Just another day of the world talking about Guantánamo Bay.

Why care? It's not because I am queasy about the war on terrorism. It is because I want to win the war on terrorism. And it is now obvious from reports in my own paper and others that the abuse at Guantánamo and within the whole U.S. military prison system dealing with terrorism is out of control. Tell me, how is it that over 100 detainees have died in U.S. custody so far? Heart attacks? This is not just deeply immoral, it is strategically dangerous.

I can explain it best by analogy. For several years now I have argued that Israel needed to get out of the West Bank and Gaza, and behind a wall, as fast as possible. Not because the Palestinians are right and Israel wrong. It's because Israel today is surrounded by three large trends. The first is a huge population explosion happening all across the Arab world. The second is an explosion of the worst interpersonal violence between Israelis and Palestinians in the history of the conflict, which has only recently been defused by a cease-fire. And the third is an explosion of Arabic language multimedia outlets - from the Internet to Al Jazeera.

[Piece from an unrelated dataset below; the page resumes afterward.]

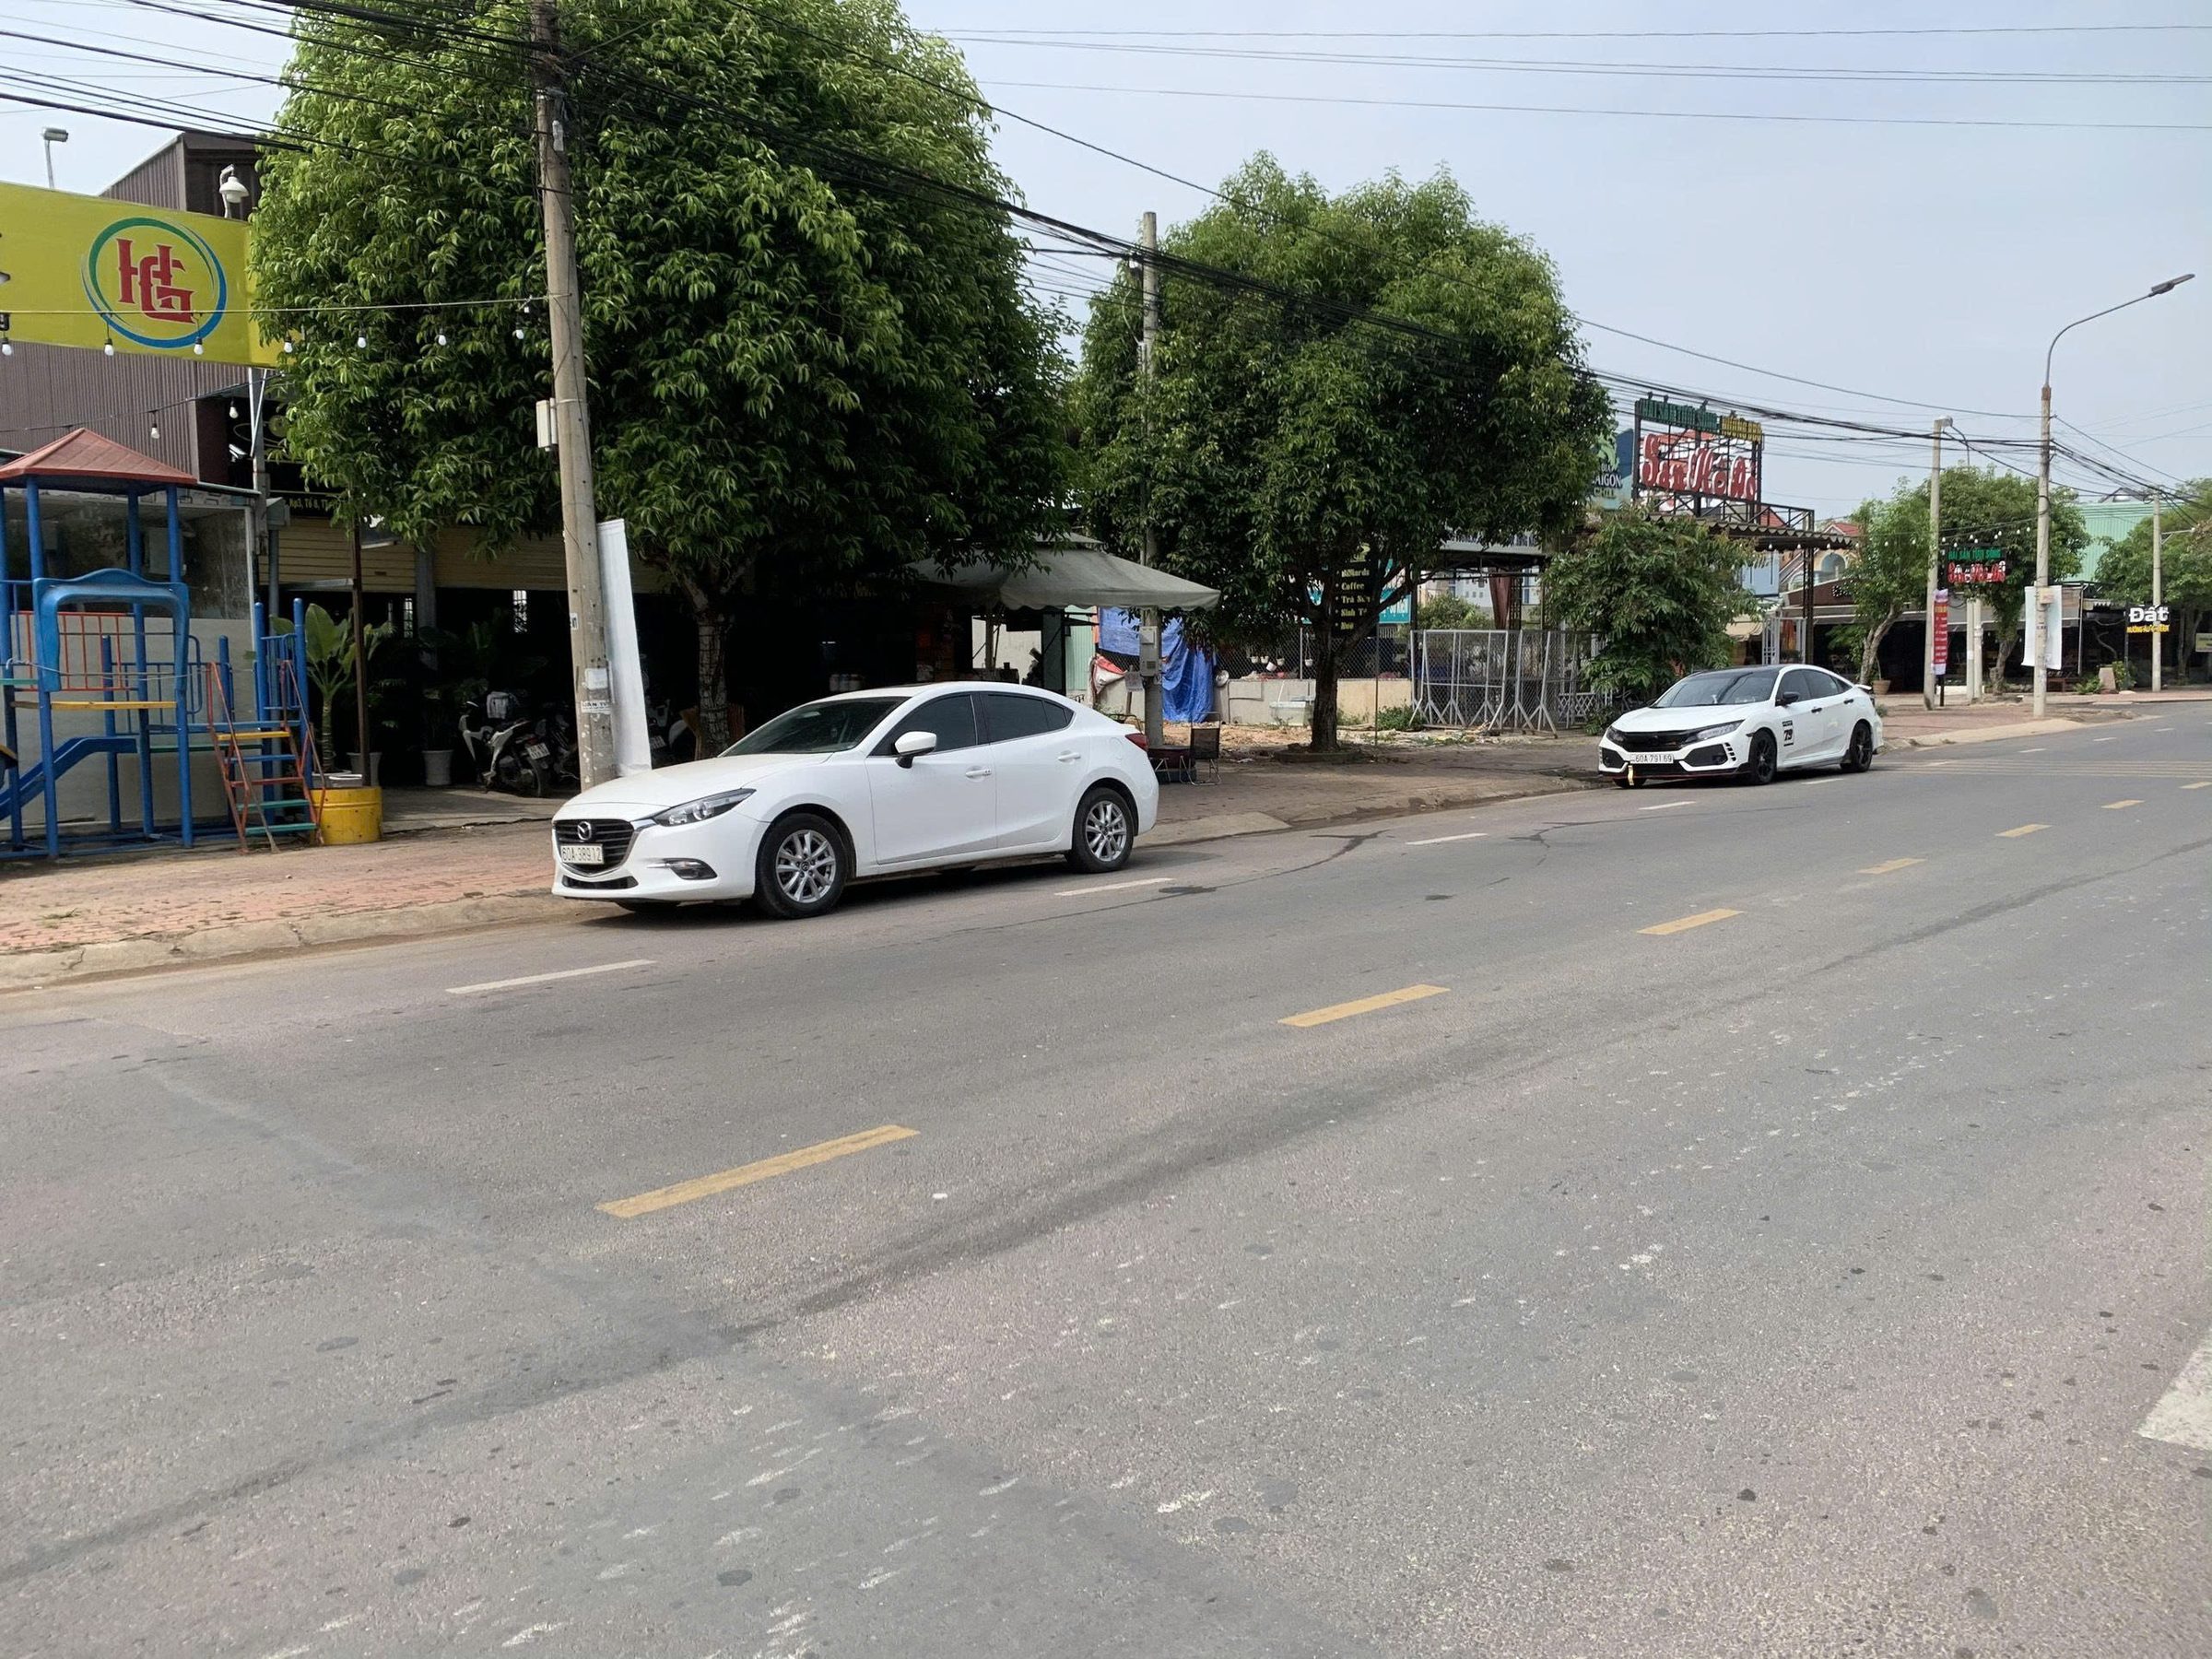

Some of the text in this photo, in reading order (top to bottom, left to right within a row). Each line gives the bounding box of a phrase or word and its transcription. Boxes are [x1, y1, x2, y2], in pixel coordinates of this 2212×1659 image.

[1341, 582, 1364, 591] Coffee
[2128, 605, 2170, 623] Đất
[1783, 729, 1794, 741] 79

What was happening around Israel at the height of the intifada was that the Arab multimedia explosion was taking the images of that intifada explosion and feeding them to the Arab population explosion, melding in the minds of a new generation of Arabs and Muslims that their enemies were J.I.A. - "Jews, Israel and America." That is an enormously toxic trend, and I hope Israel's withdrawal from Gaza will help deprive it of oxygen.

I believe the stories emerging from Guantánamo are having a similar toxic effect on us - inflaming sentiments against the U.S. all over the world and providing recruitment energy on the Internet for those who would do us ill.

Husain Haqqani, a thoughtful Pakistani scholar now teaching at Boston University, remarked to me: "When people like myself say American values must be emulated and America is a bastion of freedom, we get Guantánamo Bay thrown in our faces. When we talk about the America of Jefferson and Hamilton, people back home say to us: 'That is not the America we are dealing with. We are dealing with the America of imprisonment without trial.' "

Guantánamo Bay is becoming the anti-Statue of Liberty. If we have a case to be made against any of the 500 or so inmates still in Guantánamo, then it is high time we put them on trial, convict as many possible (which will not be easy because of bungled interrogations) and then simply let the rest go home or to a third country. Sure, a few may come back to haunt us. But at least they won't be able to take advantage of Guantánamo as an engine of recruitment to enlist thousands more. I would rather have a few more bad guys roaming the world than a whole new generation.

"This is not about being for or against the war," said Michael Posner, the executive director of Human Rights First, which is closely following this issue. "It is about doing it right. If we are going to transform the Middle East, we have to be law-abiding and uphold the values we want them to embrace - otherwise it is not going to work."